3. Consultant’s Warranties.
(a) Consultant acknowledges and agrees that Consultant’s performance of the Work hereunder does not conflict with any obligation of Consultant to a third party or any obligation of Consultant under a contract or other agreement or policy by which Consultant is bound.
(b) Consultant represents and warrants that (i) Consultant is authorized to enter int o and perform this Agreement, and (ii) Consultant is subject to, and shall in the future enter into, no contract or agreement with any person, corporation, government agency or other entity that could, in any manner, impede or prevent Consultant from giving, and the Company from receiving, the benefit of the Work to be performed under this Agreement.
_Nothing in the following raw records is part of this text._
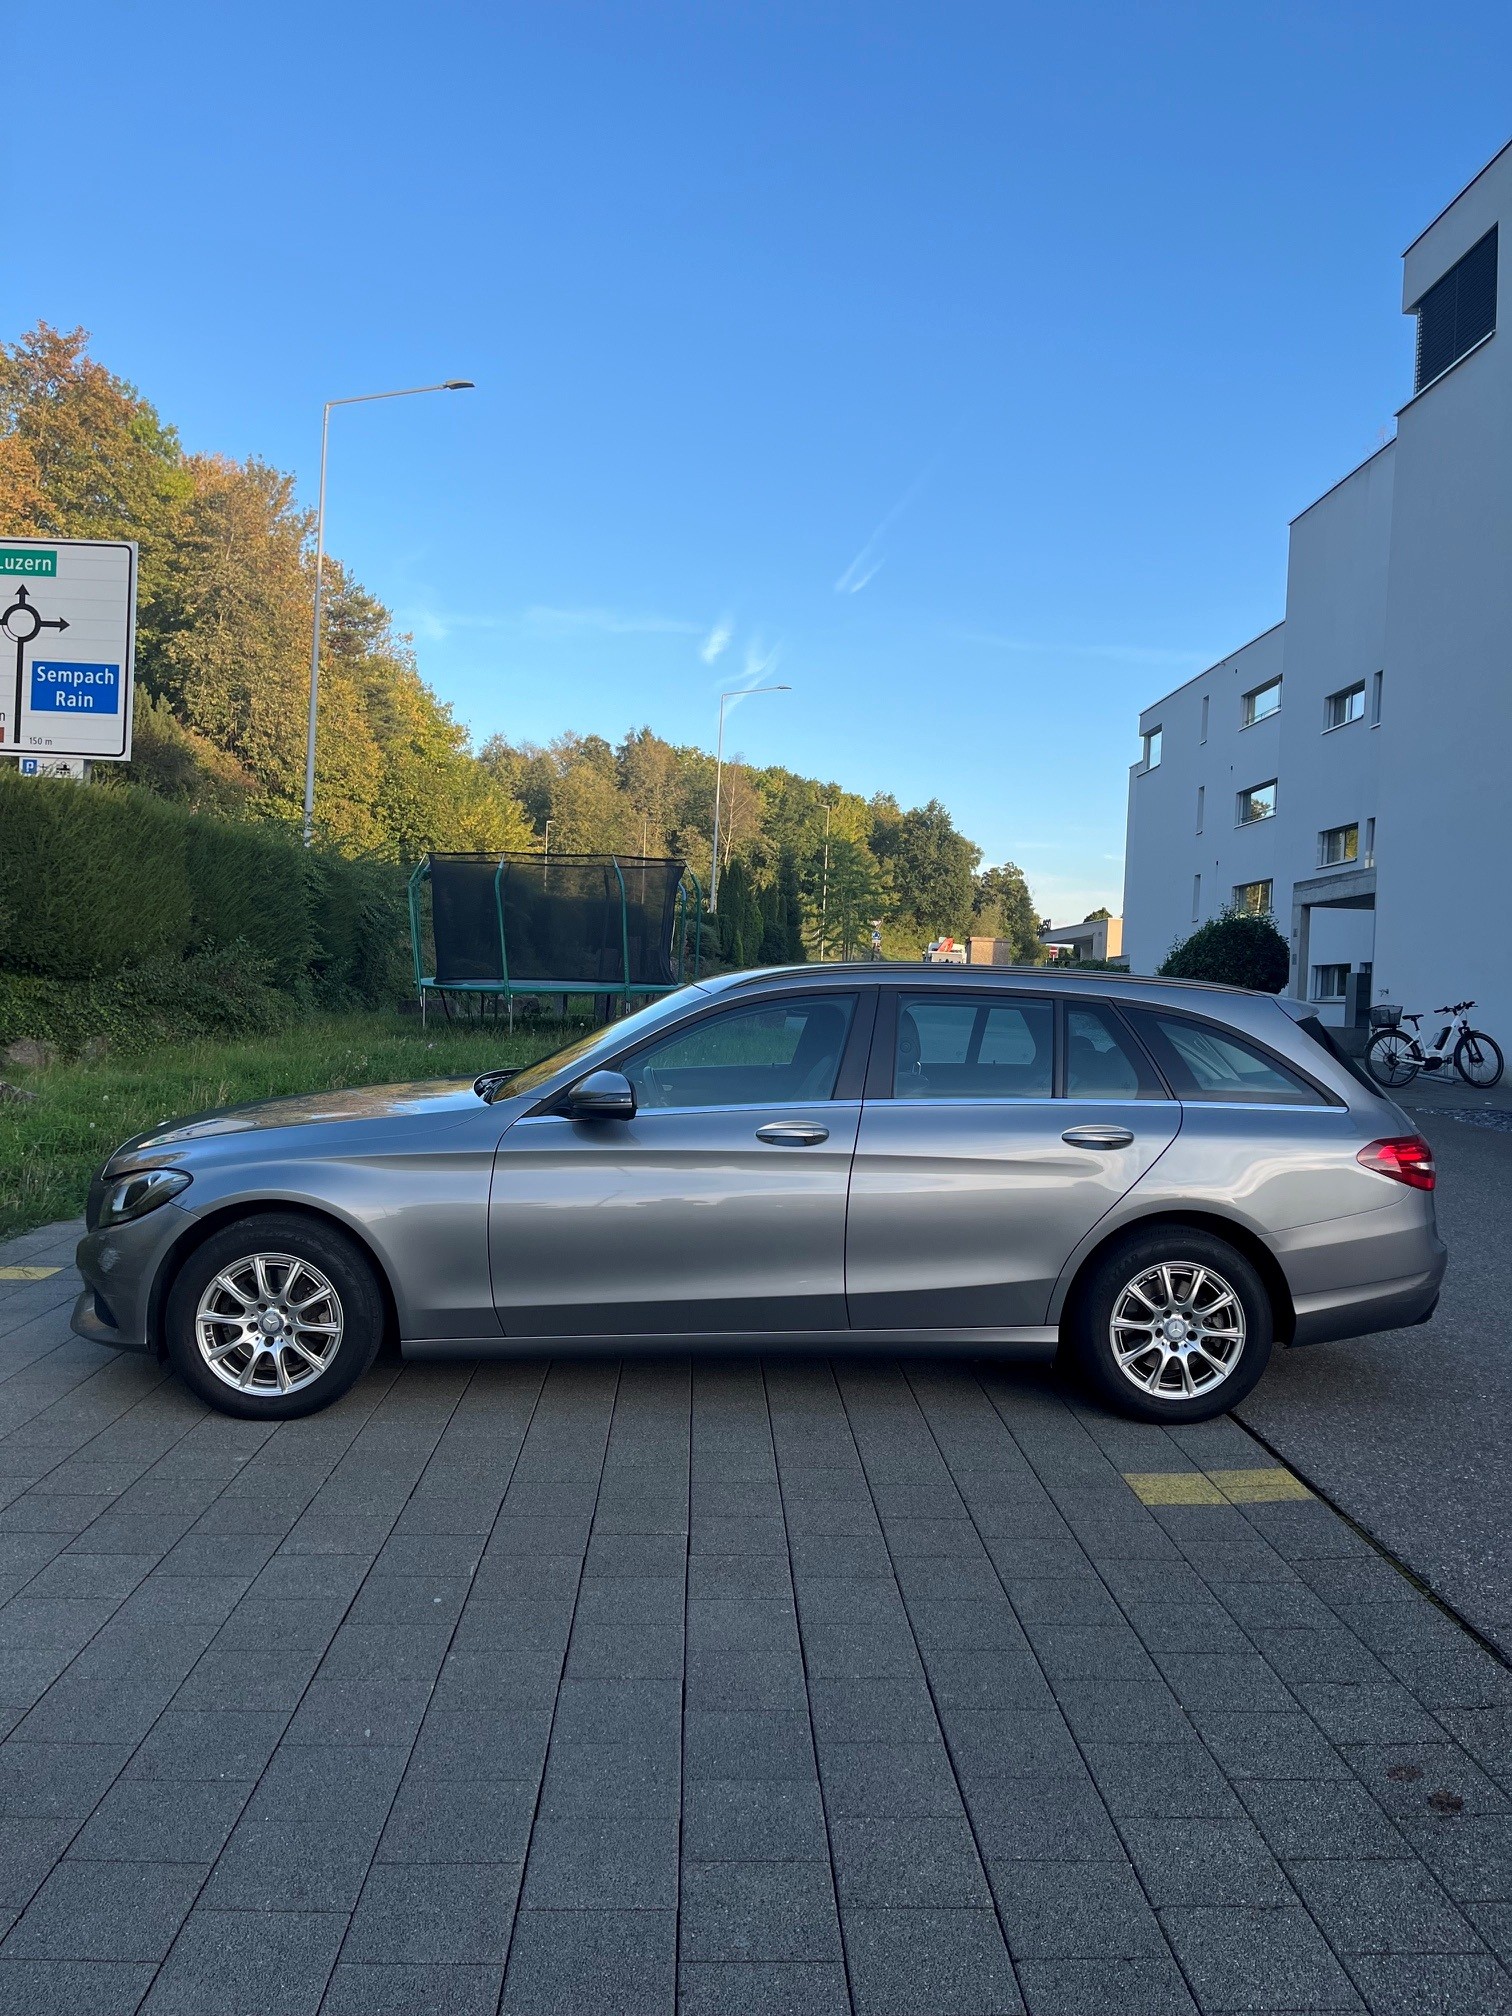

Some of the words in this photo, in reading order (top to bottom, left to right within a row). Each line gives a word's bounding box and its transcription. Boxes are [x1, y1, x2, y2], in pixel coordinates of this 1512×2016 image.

[36, 666, 114, 687] Sempach
[55, 690, 93, 708] Rain
[29, 736, 43, 745] 150
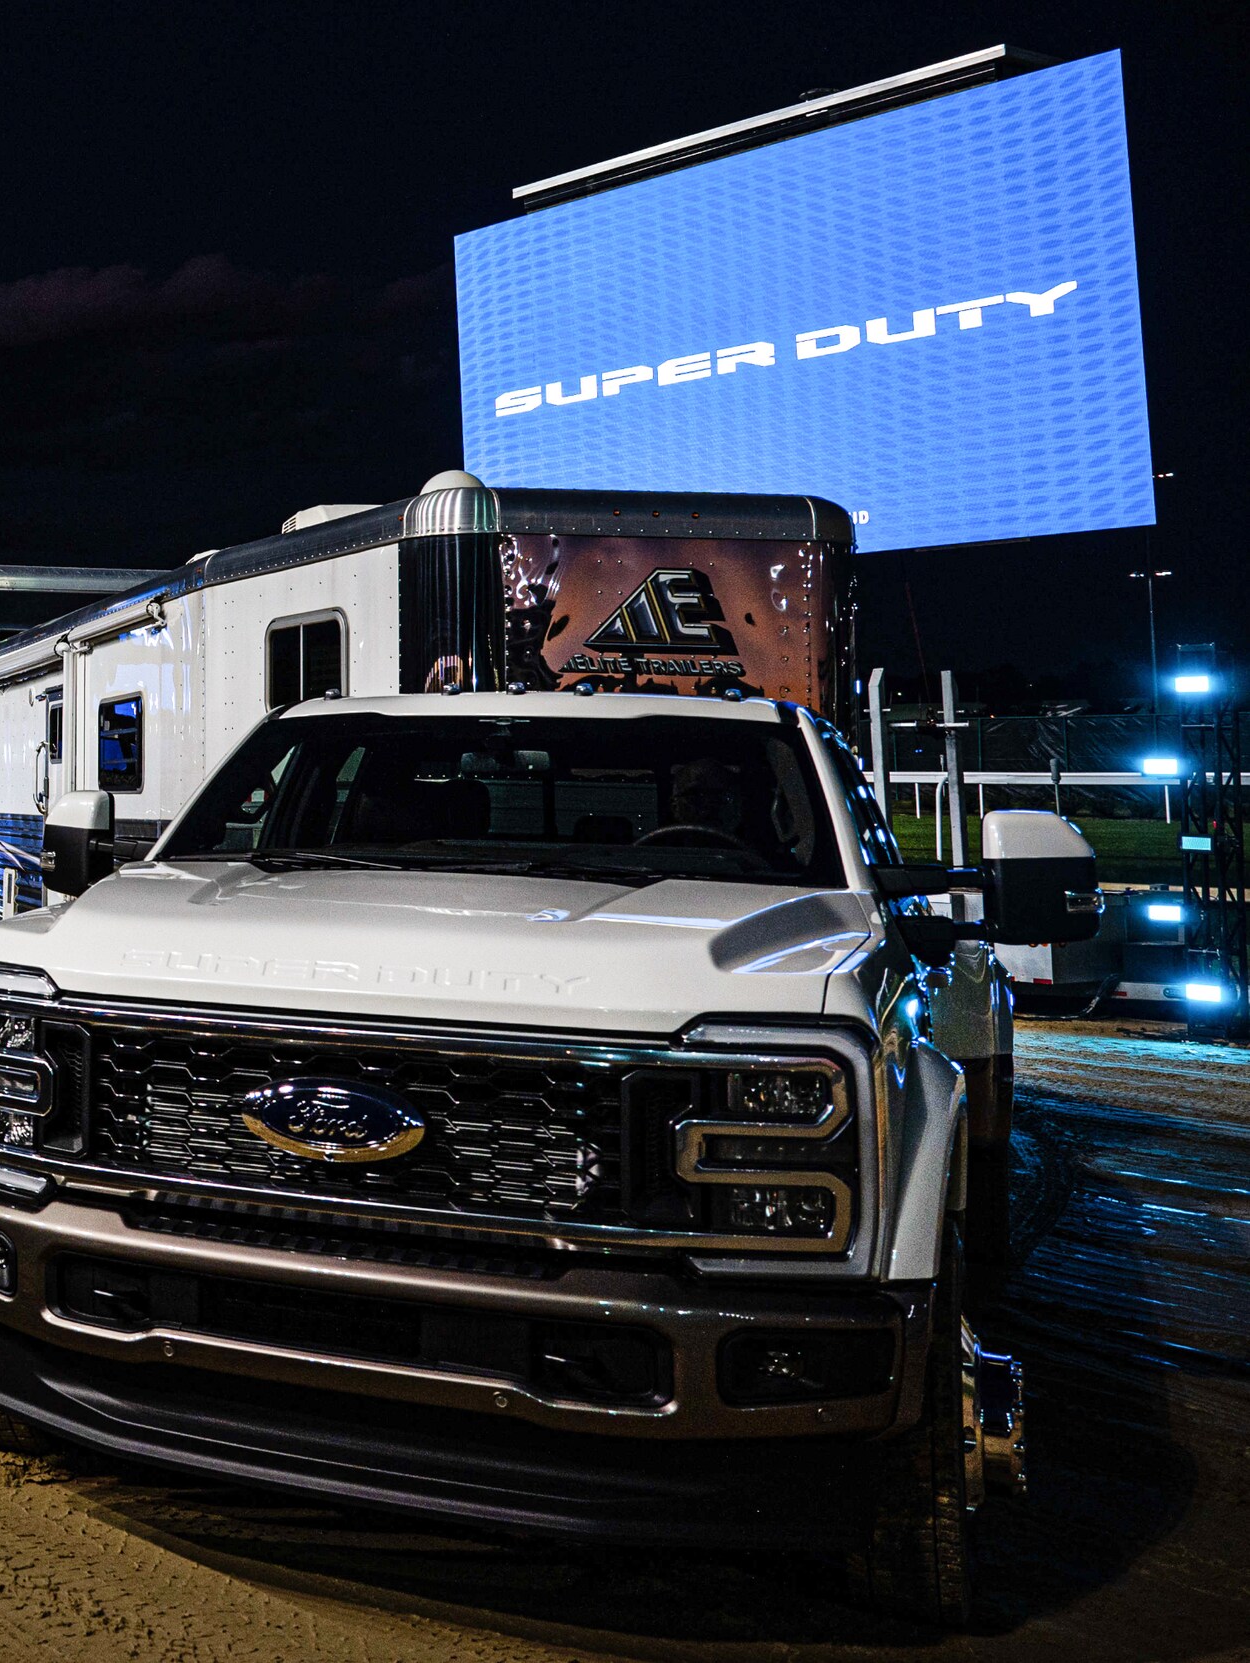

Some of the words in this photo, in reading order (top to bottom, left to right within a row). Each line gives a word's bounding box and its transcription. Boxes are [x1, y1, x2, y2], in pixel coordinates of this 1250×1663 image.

[496, 342, 774, 416] SUPER
[797, 282, 1076, 359] DUTY
[634, 657, 743, 676] TRAILERS
[119, 948, 359, 982] SUPER
[376, 964, 591, 996] DUTY
[287, 1100, 370, 1138] Ford
(c) Consultant represents and warrants that no information to be disclosed to the Company in performance of this Agreement was or shall be acquired by Consultant (i) pursuant to any relationship in which Consultant was obligated to hold such information in confidence for the benefit of any third party or (ii) by any unlawful or otherwise improper means.
(d) Consultant represents and warrants that no information, materials or other products or results of the Work delivered to the Company under this Agreement shall infringe upon, conflict with or violate any patent rights, copyrights, trade secrets or other proprietary rights, however denominated, of any person or entity.
4. Rights in Intellectual Property.
(a) Consultant agrees that all discoveries, developments, inventions, ideas, concepts, research and other information arising out of any of the Work or use of any Confidential Information or any Materials by or on behalf of Consultant (hereinafter collectively referred to as the “Developments”) shall be the sole property of the Company. Consultant further agrees that the originals and all copies of all notebooks, disks, tapes, computer programs, reports, proposals and other documents and materials furnished to Consultant by the Company, however and whenever produced (whether by Consultant or others), shall be the sole property of the Company.
(b) Consultant agrees that all of the Developments, including, without limitation, all parts thereof, and any memorialization thereof by electronic or manual storage, transcription, or recording, and any display, performance or modification thereof or derivative work based thereon, is work made for hire under the copyright laws of the United States especially ordered and commissioned by the Company.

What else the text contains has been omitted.